◆ EXTRACTED DATA:
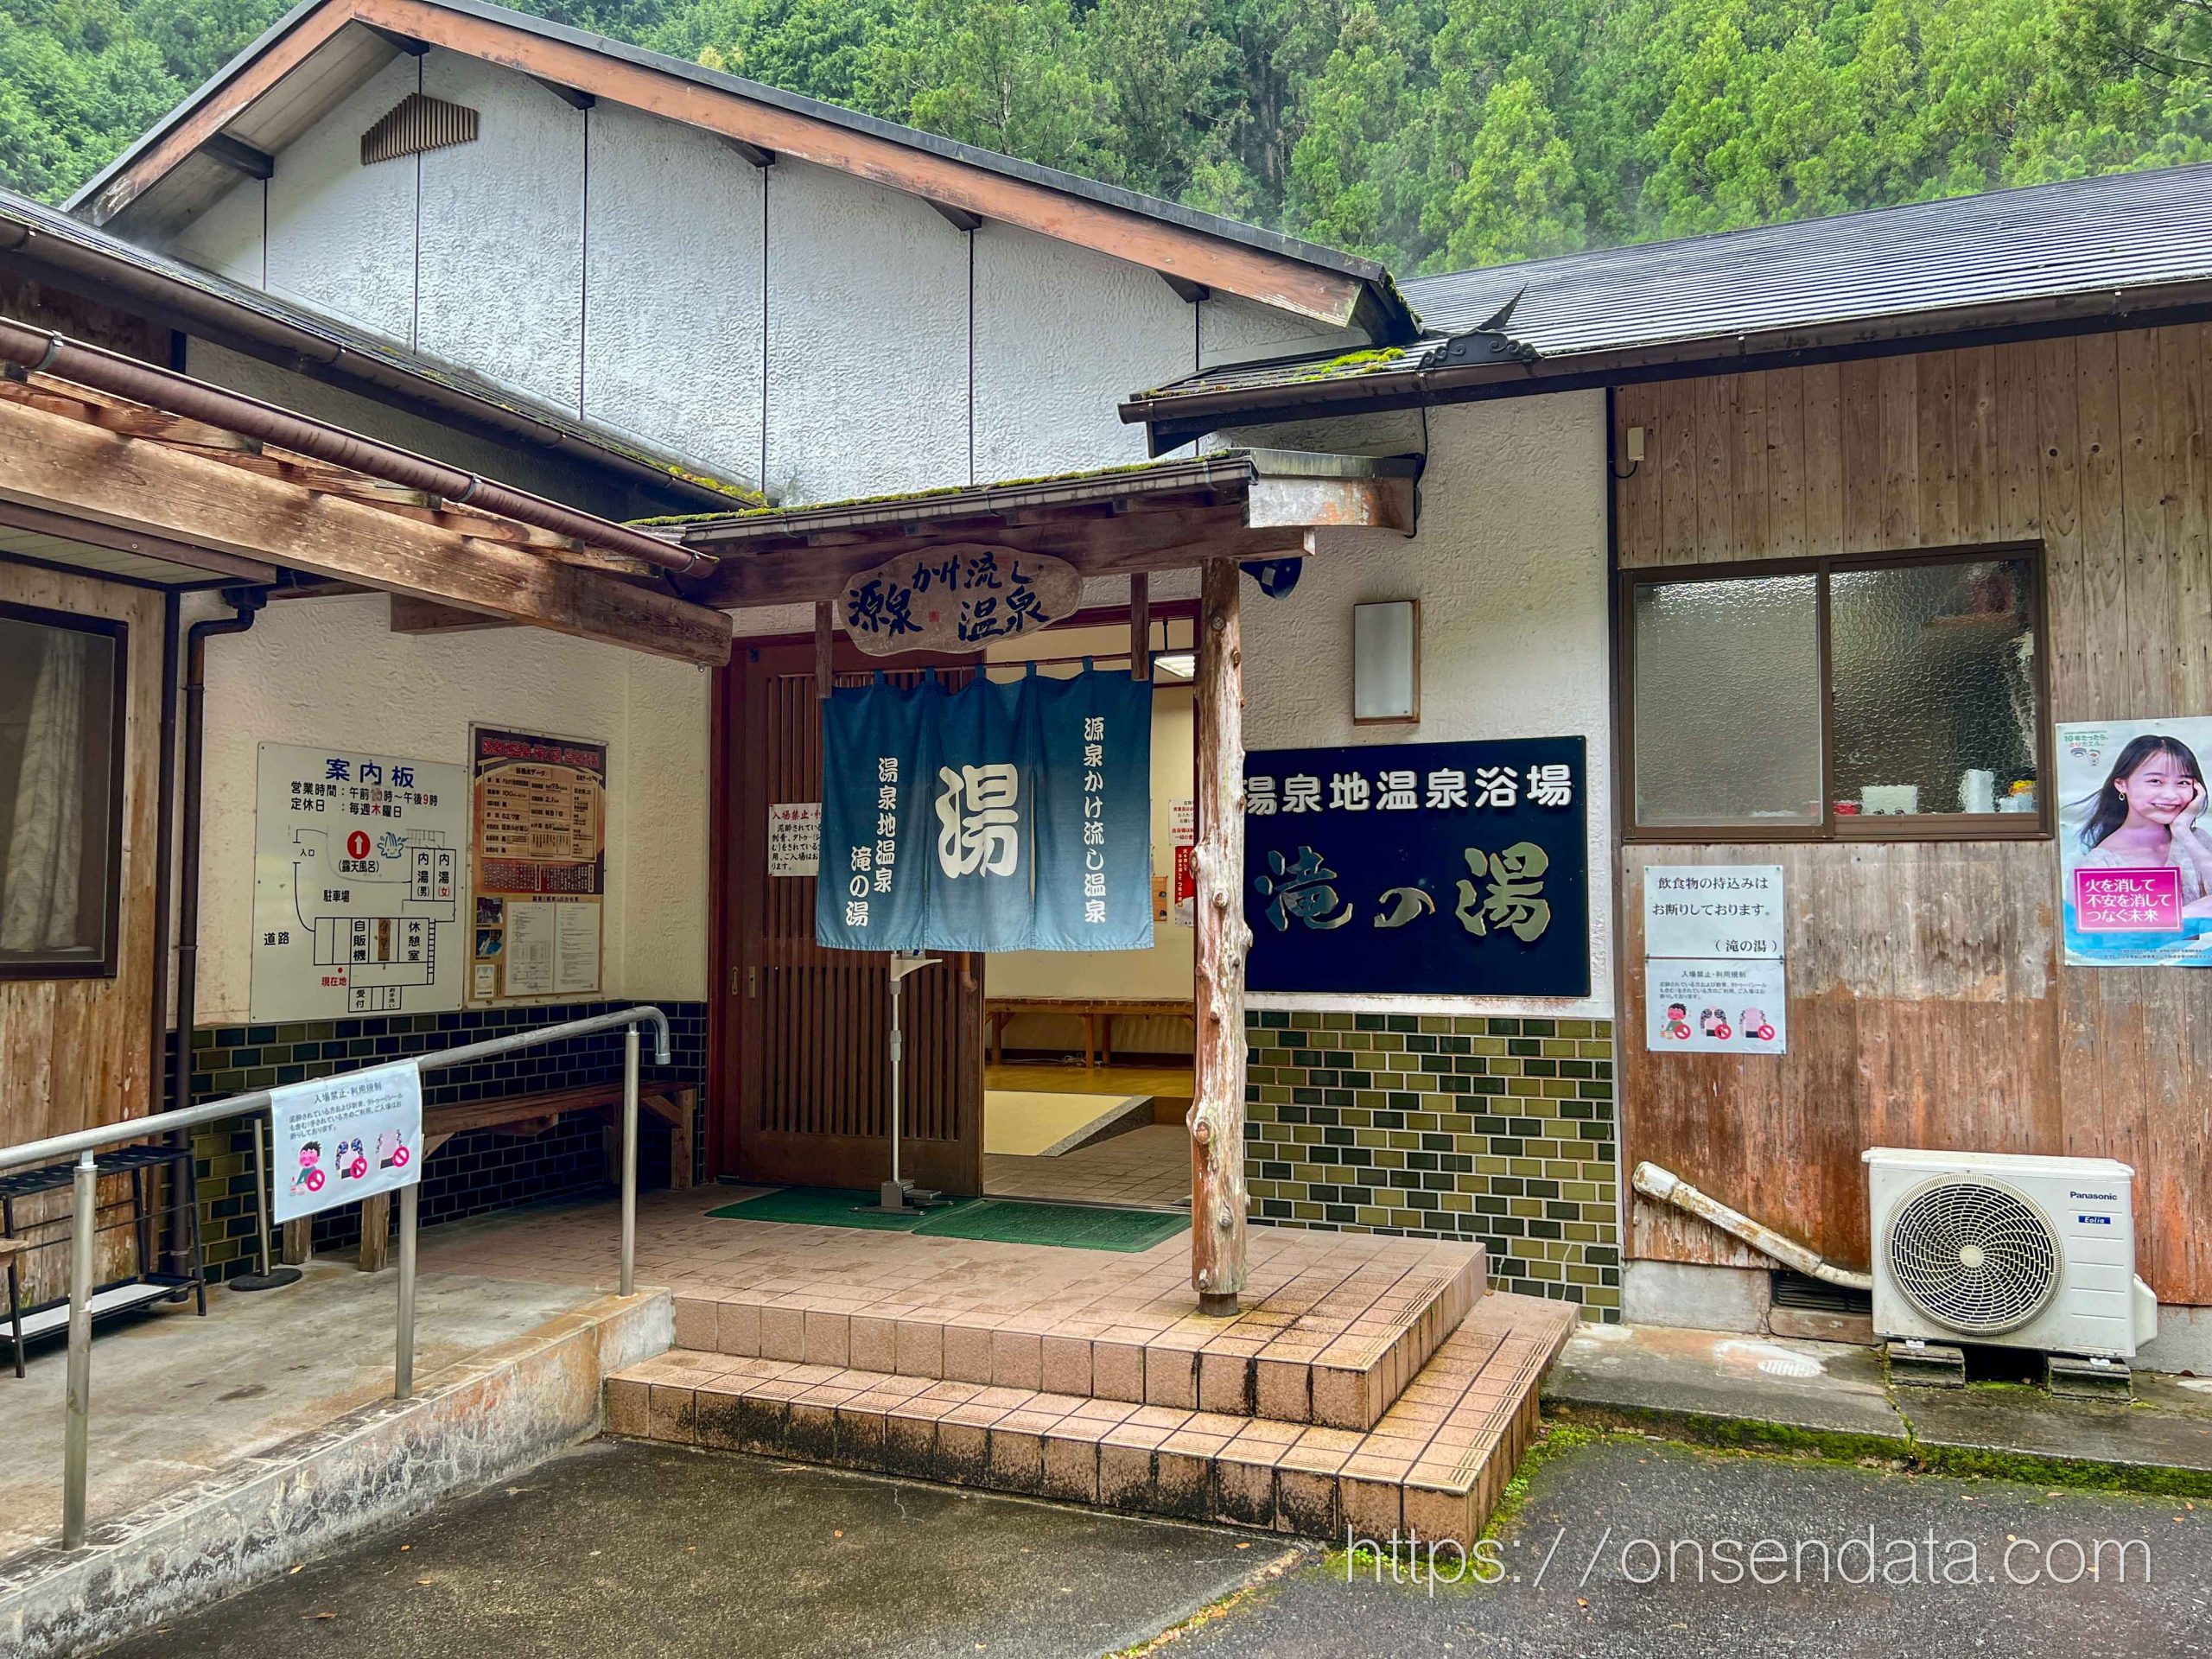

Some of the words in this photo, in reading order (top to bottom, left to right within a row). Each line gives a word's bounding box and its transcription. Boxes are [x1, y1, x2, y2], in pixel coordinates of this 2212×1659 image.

[957, 585, 1051, 642] 温泉
[325, 758, 415, 789] 案内板
[874, 757, 899, 893] 湯泉地温泉
[934, 762, 1019, 880] 湯
[1084, 716, 1107, 924] 源泉かけ流し温泉
[300, 849, 315, 857] 入口
[338, 860, 379, 873] (露天風呂)
[845, 846, 872, 927] 滝の湯
[1253, 841, 1551, 943] 滝の湯
[1658, 877, 1769, 890] 飲食物の持込みは
[2085, 878, 2156, 893] 火を消して
[323, 889, 350, 903] 駐車場
[2086, 893, 2171, 908] 不安を消して
[1652, 903, 1770, 917] お断りしております。
[2087, 908, 2158, 923] つなぐ未来
[264, 931, 290, 946] 道路
[353, 920, 366, 962] 自販機
[408, 921, 421, 961] 休憩室
[321, 976, 347, 987] 現在地
[356, 989, 365, 1008] 受付
[314, 1081, 382, 1104] 入場禁止・利用規制
[2069, 1191, 2119, 1200] Panasonic

◆ TASK TO CARRY OUT:
Everything in the records must be returned exactly, except the pictures.

◆ ANSWER SECTION:
Some of the words in this photo, in reading order (top to bottom, left to right within a row). Each line gives a word's bounding box and its transcription. Boxes are [x1, y1, x2, y2], in pixel coordinates of this 2212×1659 image.

[957, 585, 1051, 642] 温泉
[325, 758, 415, 789] 案内板
[874, 757, 899, 893] 湯泉地温泉
[934, 762, 1019, 880] 湯
[1084, 716, 1107, 924] 源泉かけ流し温泉
[300, 849, 315, 857] 入口
[338, 860, 379, 873] (露天風呂)
[845, 846, 872, 927] 滝の湯
[1253, 841, 1551, 943] 滝の湯
[1658, 877, 1769, 890] 飲食物の持込みは
[2085, 878, 2156, 893] 火を消して
[323, 889, 350, 903] 駐車場
[2086, 893, 2171, 908] 不安を消して
[1652, 903, 1770, 917] お断りしております。
[2087, 908, 2158, 923] つなぐ未来
[264, 931, 290, 946] 道路
[353, 920, 366, 962] 自販機
[408, 921, 421, 961] 休憩室
[321, 976, 347, 987] 現在地
[356, 989, 365, 1008] 受付
[314, 1081, 382, 1104] 入場禁止・利用規制
[2069, 1191, 2119, 1200] Panasonic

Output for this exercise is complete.